┌──

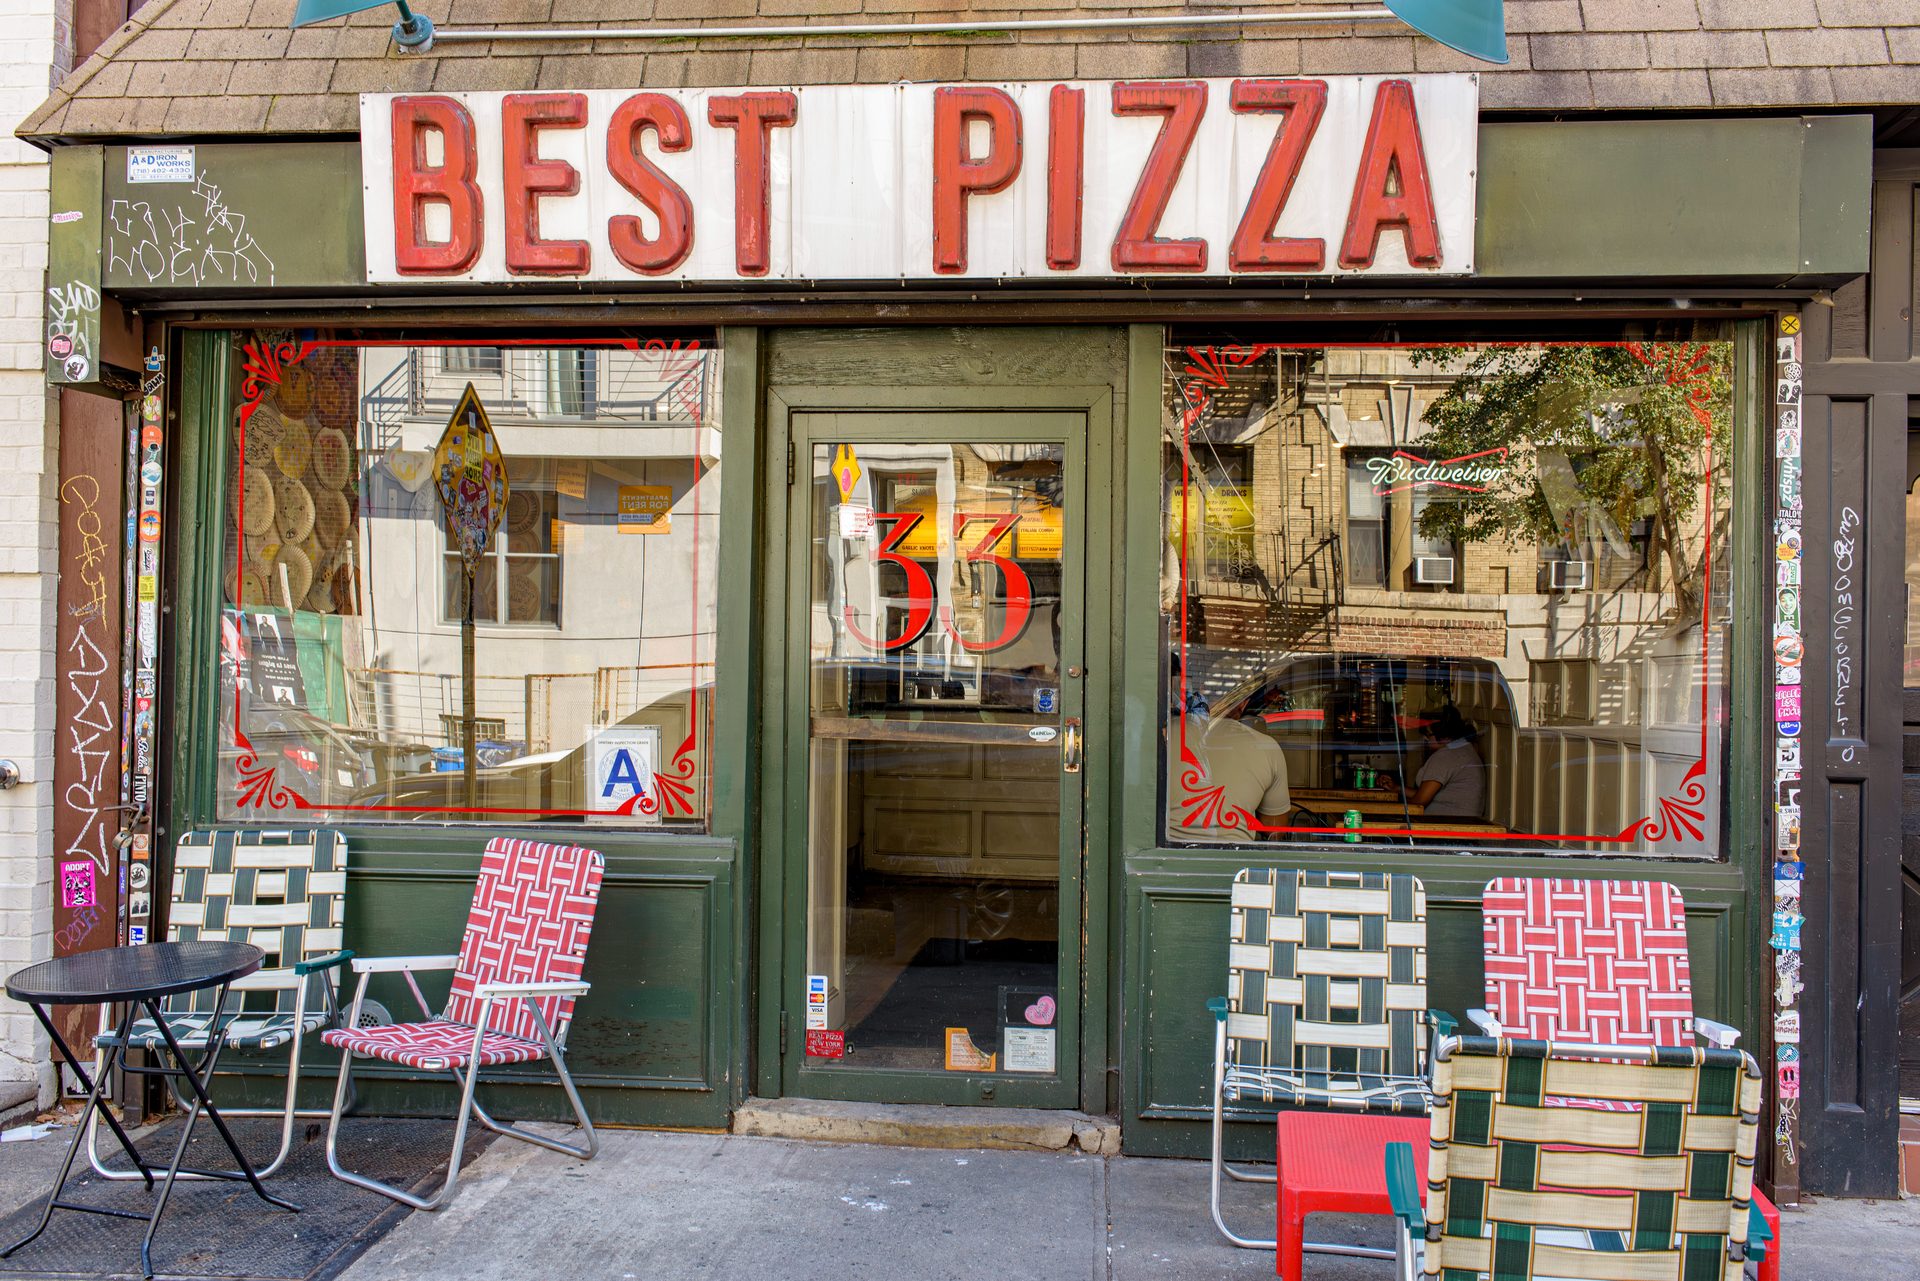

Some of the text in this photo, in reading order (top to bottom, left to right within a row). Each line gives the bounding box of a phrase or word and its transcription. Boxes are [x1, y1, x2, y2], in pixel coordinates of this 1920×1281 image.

[131, 155, 139, 165] A
[147, 155, 155, 165] D
[391, 92, 798, 277] BEST
[933, 79, 1444, 275] PIZZA
[1366, 457, 1506, 486] Budweiser
[1221, 489, 1247, 497] DRINKS
[844, 512, 1035, 654] 33
[602, 749, 645, 797] A
[135, 775, 148, 802] PINTO
[65, 863, 91, 872] ADOPT
[825, 1032, 843, 1041] PIZZA
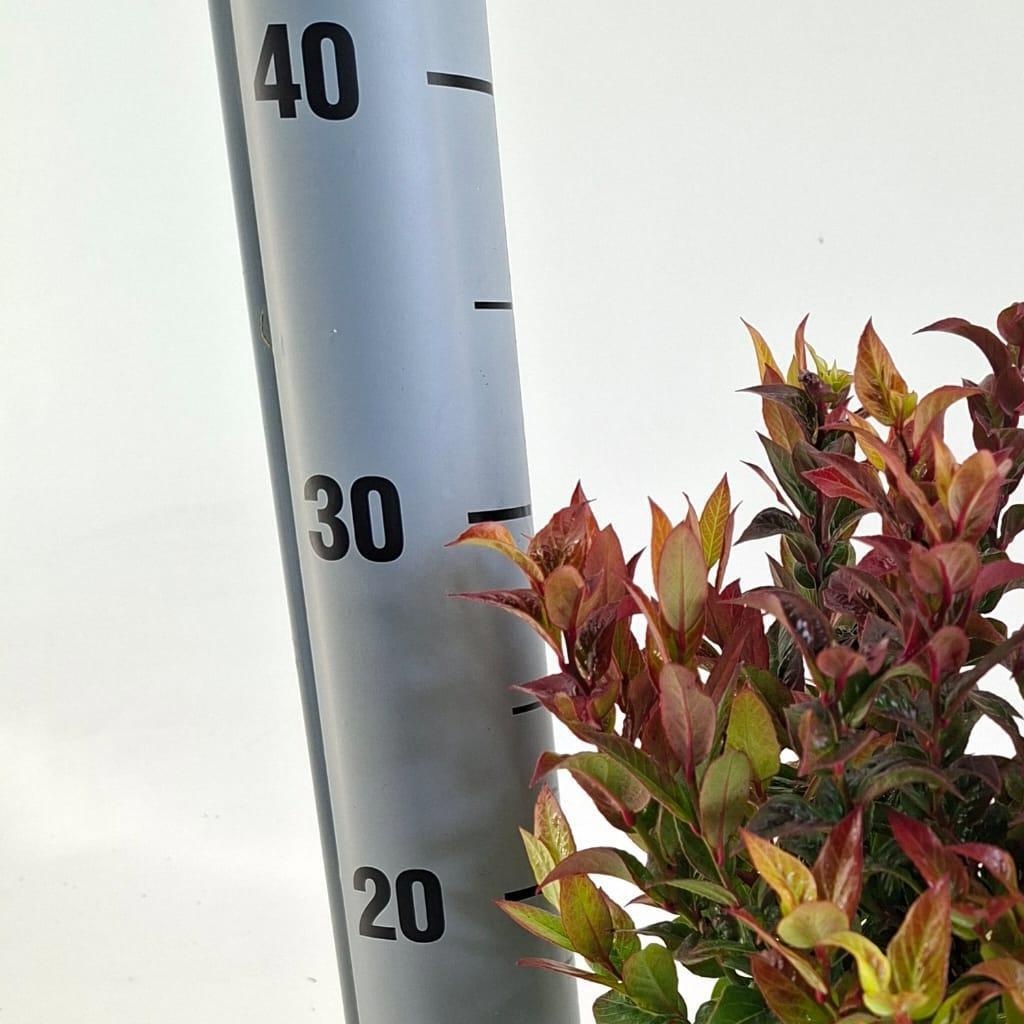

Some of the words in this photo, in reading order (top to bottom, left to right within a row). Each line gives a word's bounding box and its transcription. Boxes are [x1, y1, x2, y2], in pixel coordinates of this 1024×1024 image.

[254, 21, 360, 121] 40
[304, 474, 404, 563] 30
[352, 866, 446, 944] 20
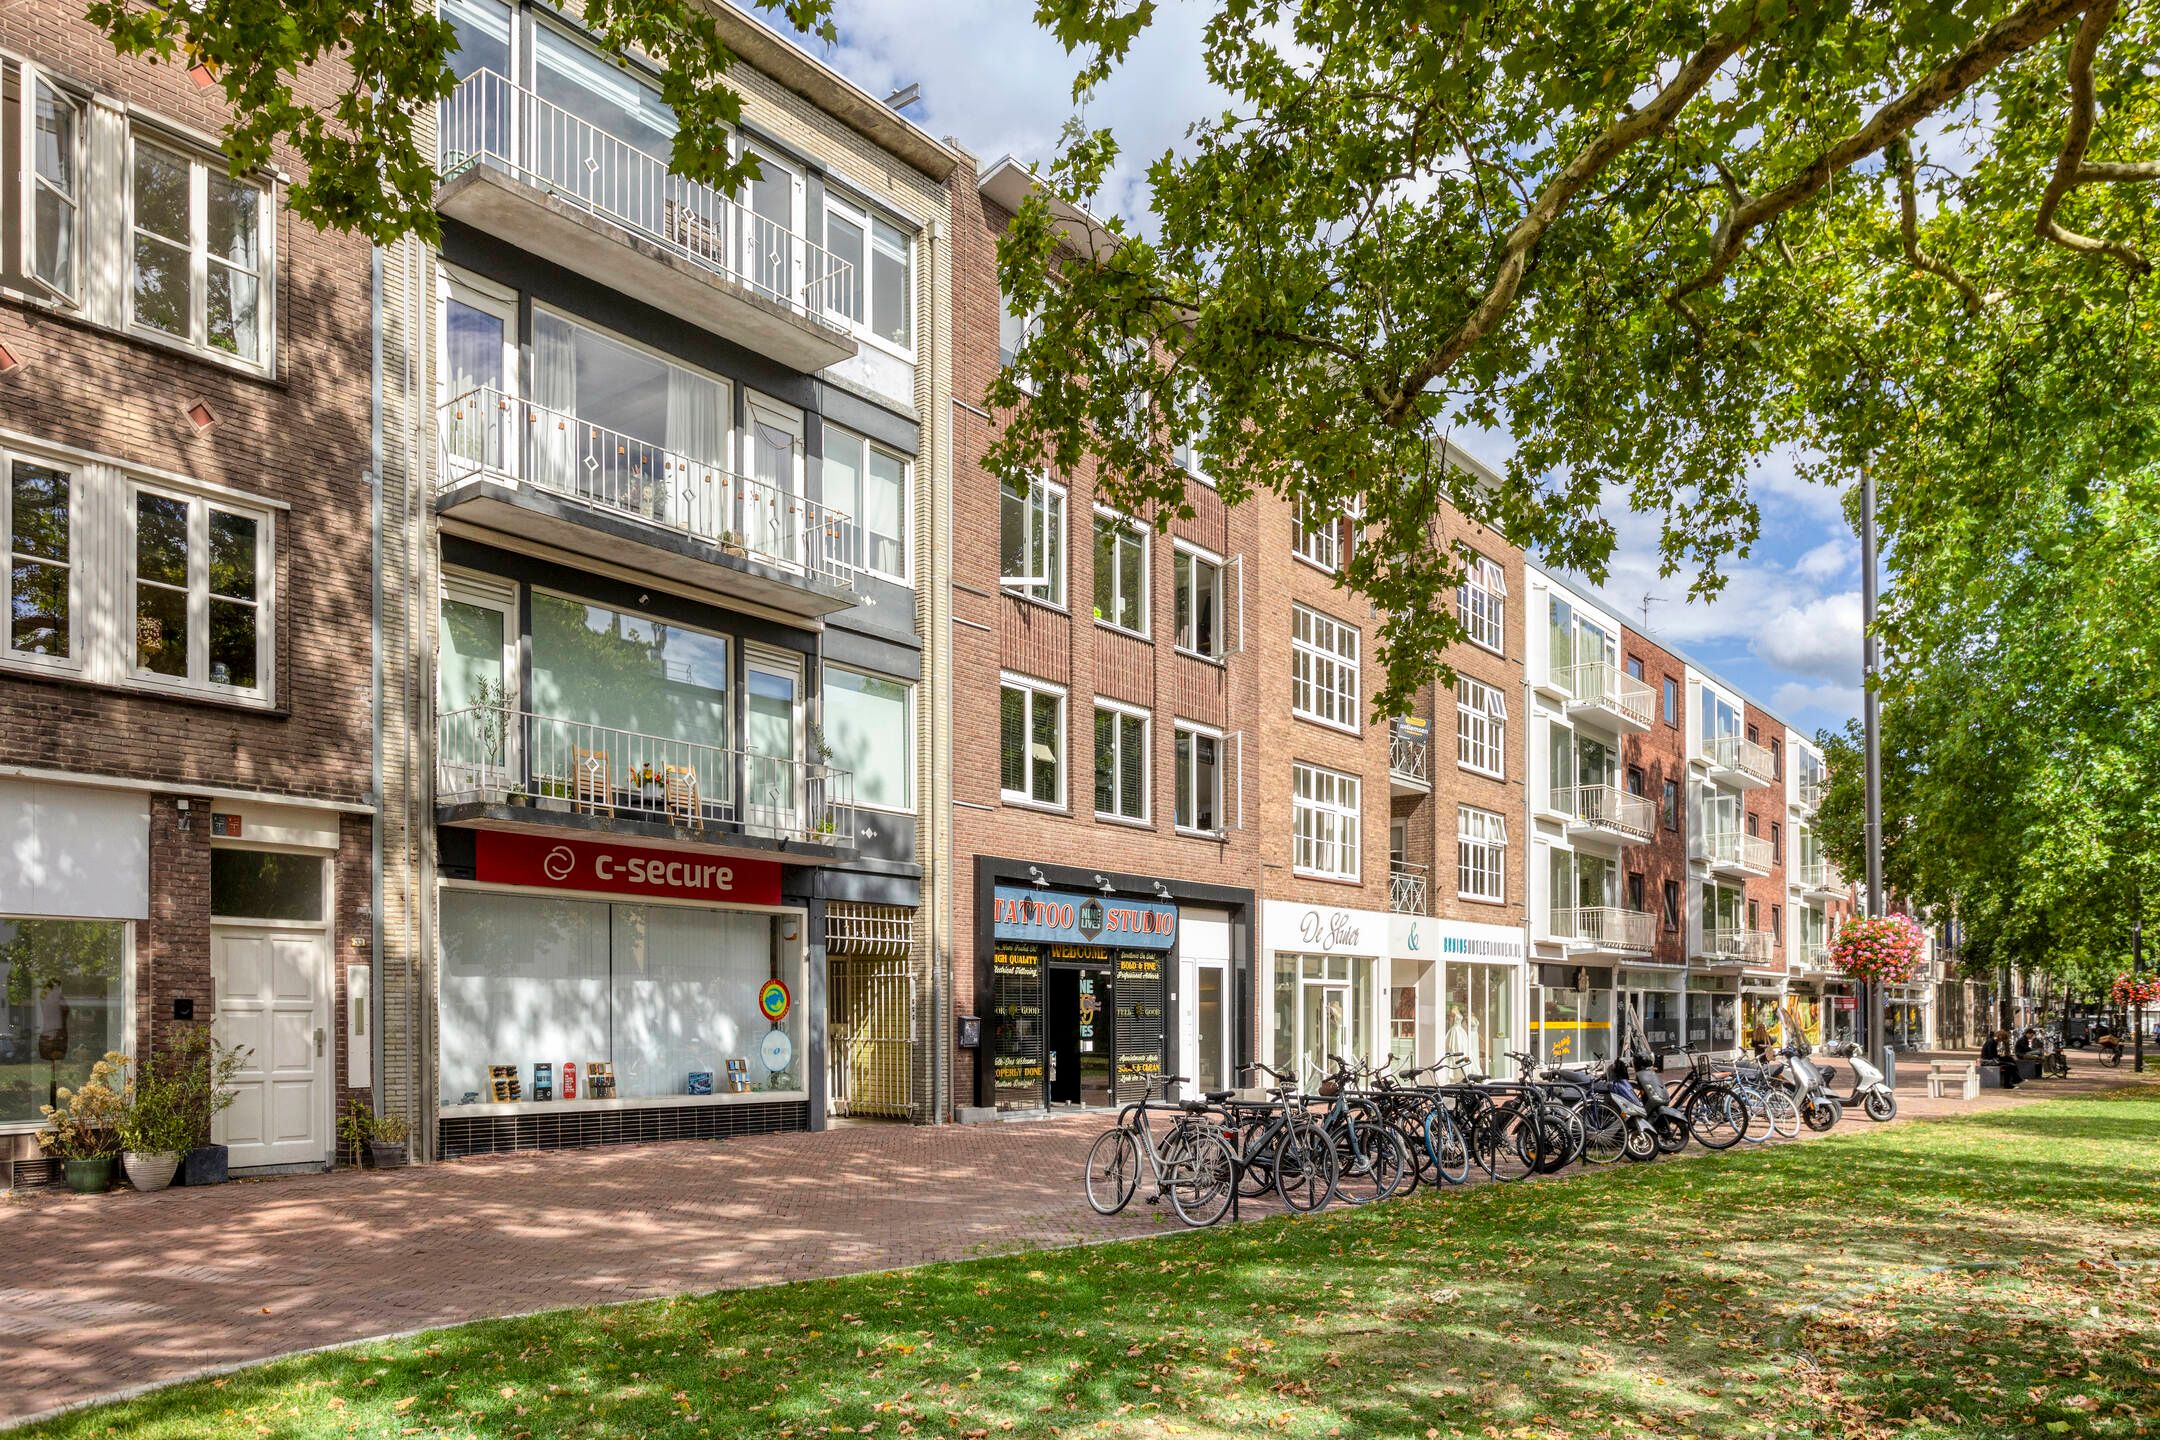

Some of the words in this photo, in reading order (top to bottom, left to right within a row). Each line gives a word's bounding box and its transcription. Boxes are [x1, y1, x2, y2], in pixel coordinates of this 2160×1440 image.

[595, 854, 734, 891] c-secure
[995, 897, 1074, 929] TATTOO
[1106, 907, 1174, 936] STUDIO
[1081, 907, 1101, 919] NINE
[1081, 918, 1101, 929] LIVES
[1300, 910, 1323, 943] De
[1407, 921, 1420, 951] &
[994, 954, 1008, 964] IGH
[1009, 954, 1038, 965] QUALITY
[1080, 979, 1094, 994] NE
[995, 1068, 1022, 1078] OPERY
[1024, 1067, 1043, 1076] DONE
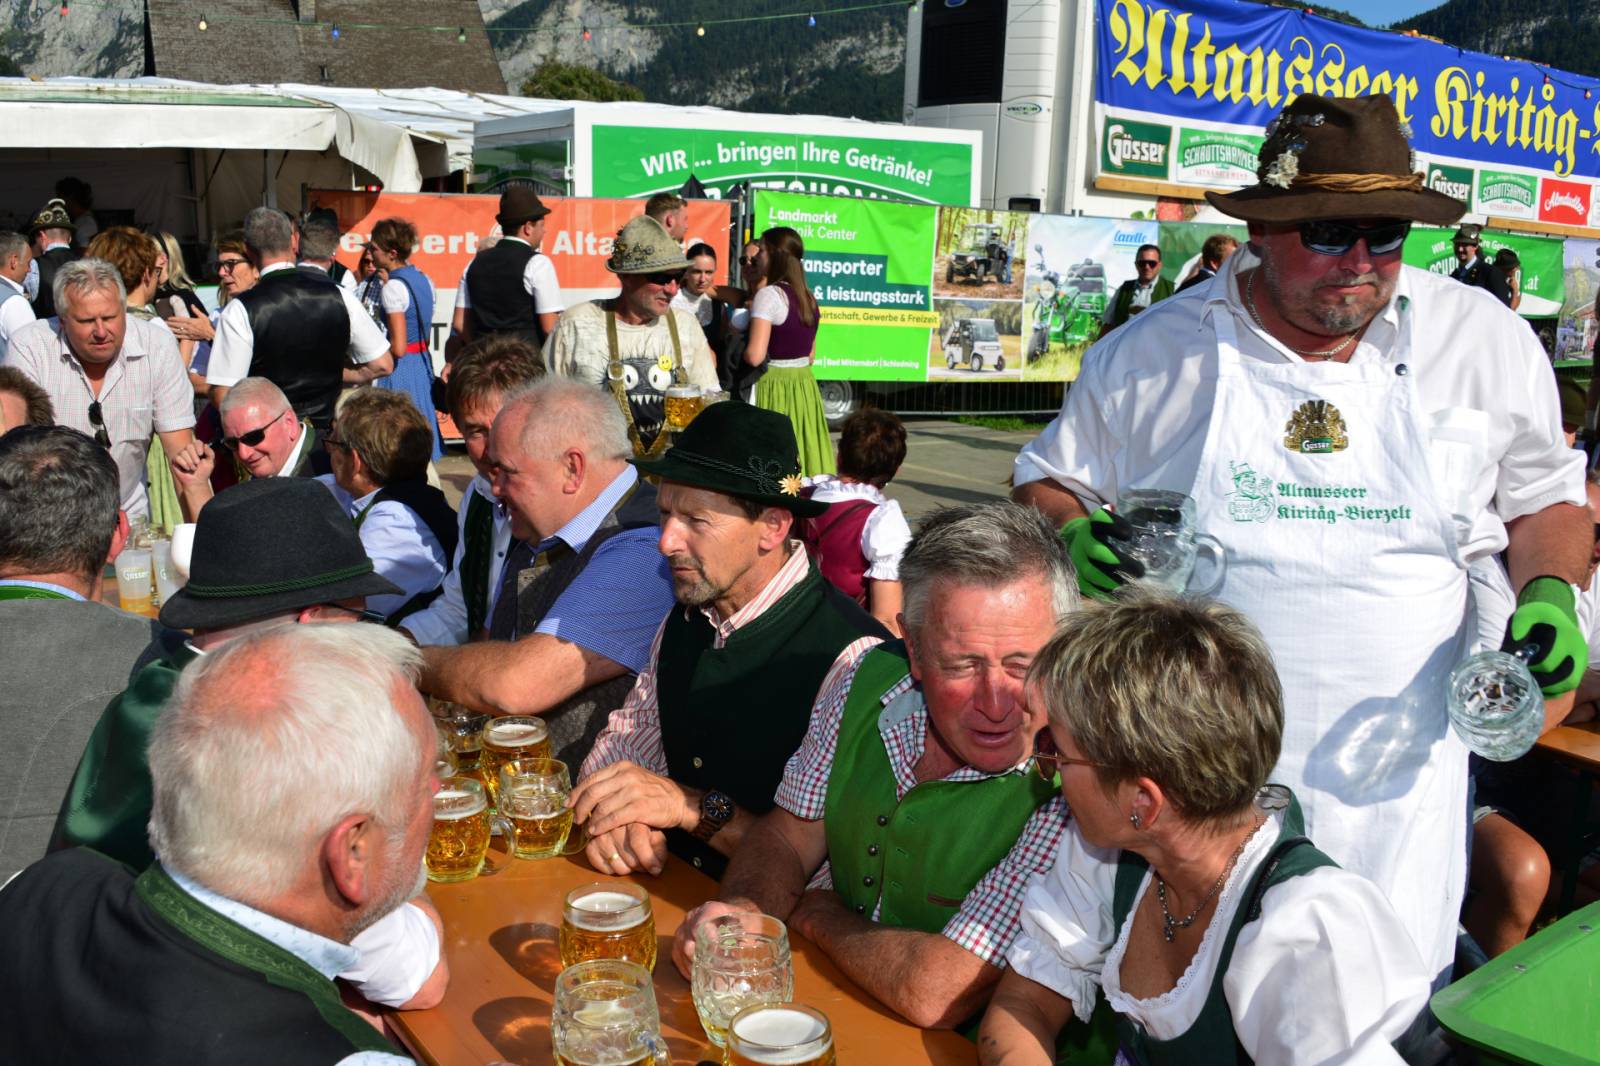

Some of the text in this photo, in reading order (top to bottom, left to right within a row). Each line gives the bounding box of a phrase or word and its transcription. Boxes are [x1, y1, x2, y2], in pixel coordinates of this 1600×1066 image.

[1431, 66, 1600, 177] Kiritåg-
[1107, 124, 1167, 169] Gösser
[641, 149, 688, 176] WIR
[717, 142, 797, 168] bringen
[802, 143, 840, 165] Ihre
[845, 147, 933, 187] Getränke!
[769, 207, 837, 224] Landmarkt
[339, 231, 479, 255] eert
[817, 226, 857, 241] Center
[801, 258, 883, 277] ansporter
[1524, 275, 1540, 291] .at
[814, 286, 924, 306] & leistungsstark
[863, 313, 898, 322] Gewerbe
[907, 314, 938, 324] Freizeit
[1277, 482, 1367, 499] Altausseer
[1277, 504, 1412, 524] Kiritåg-Bierzelt

└──

[Task brief]:
Although the records above contain pictures, output every line exactly and leave the pictures out.

[Response]:
Some of the text in this photo, in reading order (top to bottom, left to right within a row). Each line gives the bounding box of a phrase or word and its transcription. Boxes are [x1, y1, x2, y2], in pixel coordinates of this 1920×1281 image.

[131, 155, 139, 165] A
[147, 155, 155, 165] D
[391, 92, 798, 277] BEST
[933, 79, 1444, 275] PIZZA
[1366, 457, 1506, 486] Budweiser
[1221, 489, 1247, 497] DRINKS
[844, 512, 1035, 654] 33
[602, 749, 645, 797] A
[135, 775, 148, 802] PINTO
[65, 863, 91, 872] ADOPT
[825, 1032, 843, 1041] PIZZA

Some of the words in this photo, in reading order (top to bottom, left to right within a row). Each line gives a word's bounding box and its transcription. Boxes are [x1, y1, x2, y2], in pixel coordinates of this 1024×1024 image.

[254, 21, 360, 121] 40
[304, 474, 404, 563] 30
[352, 866, 446, 944] 20

Some of the words in this photo, in reading order (top to bottom, left to right within a row). Each line gives a word's bounding box and its transcription. Boxes are [x1, y1, x2, y2], in pixel coordinates of this 2160×1440 image.

[595, 854, 734, 891] c-secure
[995, 897, 1074, 929] TATTOO
[1106, 907, 1174, 936] STUDIO
[1081, 907, 1101, 919] NINE
[1081, 918, 1101, 929] LIVES
[1300, 910, 1323, 943] De
[1407, 921, 1420, 951] &
[994, 954, 1008, 964] IGH
[1009, 954, 1038, 965] QUALITY
[1080, 979, 1094, 994] NE
[995, 1068, 1022, 1078] OPERY
[1024, 1067, 1043, 1076] DONE

Some of the text in this photo, in reading order (top to bottom, left to right within a row). Each line gives the bounding box of a phrase or word and its transcription. Boxes are [x1, y1, x2, y2], in pixel coordinates of this 1600×1066 image.

[1431, 66, 1600, 177] Kiritåg-
[1107, 124, 1167, 169] Gösser
[641, 149, 688, 176] WIR
[717, 142, 797, 168] bringen
[802, 143, 840, 165] Ihre
[845, 147, 933, 187] Getränke!
[769, 207, 837, 224] Landmarkt
[339, 231, 479, 255] eert
[817, 226, 857, 241] Center
[801, 258, 883, 277] ansporter
[1524, 275, 1540, 291] .at
[814, 286, 924, 306] & leistungsstark
[863, 313, 898, 322] Gewerbe
[907, 314, 938, 324] Freizeit
[1277, 482, 1367, 499] Altausseer
[1277, 504, 1412, 524] Kiritåg-Bierzelt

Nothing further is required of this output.